Using Single-Cell Data to Decipher Mechanisms of NF-kB-chromatin-mediated HIV Transcriptional Regulation

使用单细胞数据破译 NF-kB 染色质介导的 HIV 转录调控机制

• 批准号: 1264246
• 负责人: Kathryn Miller-Jensen
• 金额: $ 31.18万
• 依托单位: Yale University
• 依托单位国家: 美国
• 项目类别: Standard Grant
• 财政年份: 2013
• 资助国家: 美国
• 起止时间: 2013-08-01 至 2016-07-31
• 项目状态: 已结题
• 来源: https://www.nsf.gov/awardsearch/showAward?AWD_ID=1264246&HistoricalAwards=false
• 关键词: Using; Single; Cell; Data; Decipher

1264246Miller-Jensen, Kathryn Genetically identical cells can display significant phenotypic heterogeneity as a result of random fluctuations (noise) in gene expression, which is modulated by transcription factor binding and chromatin modifications at each gene promoter. The interaction of chromatin and transcription factors is especially evident among mammalian retroviruses, such as the human immunodeficiency virus-1 (HIV), which integrate semi-randomly into the genome of their host's DNA and depend on host regulatory factors to initiate viral gene expression and complete replication. In the case of HIV, noisy viral gene expression results in transcriptional delays that may be a precursor for latent infections. Latent HIV currently prevents complete eradication of the virus in a patient, and reversing viral latency via activation of the latent HIV reservoir is a promising therapeutic strategy. However, an incomplete understanding of the complex mechanisms underlying chromatin- and transcription factor-mediated regulation of HIV hinders progress. To address this knowledge gap, the proposed project integrates experimental and computational approaches to study how the canonical transcription factor NF-kB and the local chromatin environment at the viral integration site together regulate activation of the latent HIV LTR promoter. The inability to target and purge latent (i.e., silent) HIV-infected cells is currently the biggest obstacle to a cure, and this proposal seeks to address this significant public health problem. By integrating single-cell experiments and computational modeling, this research will improve understanding of how protein-DNA interactions called chromatin regulate HIV-1 transcription, and will further progress towards eradication of the latent viral reservoir. This work may also advance knowledge of mechanisms of chromatin-mediated transcriptional regulation more broadly, with the potential to impact immunology, development, and cancer. In addition, two educational initiatives are proposed to broaden participation of under-represented minority engineering students in interdisciplinary research through summer research fellowships; and to contribute to transformative teaching approaches at the interface of the biological and physical sciences through design of a new discussion session for an interdisciplinary graduate course.

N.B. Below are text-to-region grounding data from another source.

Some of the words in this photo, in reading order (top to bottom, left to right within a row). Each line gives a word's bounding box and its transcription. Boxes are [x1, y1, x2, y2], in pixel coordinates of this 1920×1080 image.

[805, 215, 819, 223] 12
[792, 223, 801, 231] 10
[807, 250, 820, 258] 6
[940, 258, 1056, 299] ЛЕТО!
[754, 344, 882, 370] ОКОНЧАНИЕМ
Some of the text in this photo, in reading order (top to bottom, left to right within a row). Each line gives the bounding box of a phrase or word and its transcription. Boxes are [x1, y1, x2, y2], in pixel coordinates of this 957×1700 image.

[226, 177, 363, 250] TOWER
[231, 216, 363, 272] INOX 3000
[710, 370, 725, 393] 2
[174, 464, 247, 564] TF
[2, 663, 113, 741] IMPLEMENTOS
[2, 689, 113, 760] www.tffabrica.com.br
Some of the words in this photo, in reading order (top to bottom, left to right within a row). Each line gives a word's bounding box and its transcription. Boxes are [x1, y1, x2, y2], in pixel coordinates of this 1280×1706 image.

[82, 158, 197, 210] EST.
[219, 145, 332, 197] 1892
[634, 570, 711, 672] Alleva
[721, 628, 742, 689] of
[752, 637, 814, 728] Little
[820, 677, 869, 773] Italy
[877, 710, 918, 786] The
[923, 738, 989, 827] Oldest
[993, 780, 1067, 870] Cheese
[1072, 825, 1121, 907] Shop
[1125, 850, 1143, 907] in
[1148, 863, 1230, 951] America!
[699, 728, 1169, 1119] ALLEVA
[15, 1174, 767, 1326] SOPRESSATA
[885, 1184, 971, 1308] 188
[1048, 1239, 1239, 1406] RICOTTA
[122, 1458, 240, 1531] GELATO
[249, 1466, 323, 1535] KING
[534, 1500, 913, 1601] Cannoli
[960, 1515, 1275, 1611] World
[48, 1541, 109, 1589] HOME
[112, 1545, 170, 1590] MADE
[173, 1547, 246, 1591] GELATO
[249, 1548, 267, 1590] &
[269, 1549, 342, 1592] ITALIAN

1264246Miller-Jensen，Kathryn基因相同的细胞可以由于基因表达的随机波动(噪声)而表现出显著的表型异质性，这是由每个基因启动子上的转录因子结合和染色质修饰调节的。染色质和转录因子的相互作用在哺乳动物逆转录病毒中尤其明显，例如人类免疫缺陷病毒-1(HIV)，它们半随机地整合到宿主DNA的基因组中，依赖宿主调节因子启动病毒基因表达和完成复制。就艾滋病毒而言，嘈杂的病毒基因表达会导致转录延迟，这可能是潜在感染的前兆。潜伏的艾滋病毒目前阻止了患者体内病毒的完全根除，通过激活潜伏的艾滋病毒储存库来逆转病毒潜伏是一种很有前途的治疗策略。然而，对染色质和转录因子介导的HIV调控的复杂机制的不完全理解阻碍了进展。为了解决这一知识差距，拟议的项目结合了实验和计算方法，以研究规范转录因子NF-kB和病毒整合部位的局部染色质环境如何共同调节潜在HIV LTR启动子的激活。无法瞄准和清除潜伏的(即沉默的)艾滋病毒感染细胞是目前治愈艾滋病毒的最大障碍，这项提议旨在解决这一重大的公共卫生问题。通过结合单细胞实验和计算模型，这项研究将提高对称为染色质的蛋白质-DNA相互作用如何调控HIV-1转录的理解，并将进一步朝着根除潜在的病毒库迈进。这项工作还可能在更广泛的范围内促进对染色质介导的转录调控机制的了解，并有可能影响免疫学、发育和癌症。此外，还提出了两项教育举措，通过暑期研究奖学金扩大未占名额的少数族裔工程专业学生对跨学科研究的参与；通过为跨学科研究生课程设计新的讨论会，促进生物和物理科学相结合的变革性教学方法。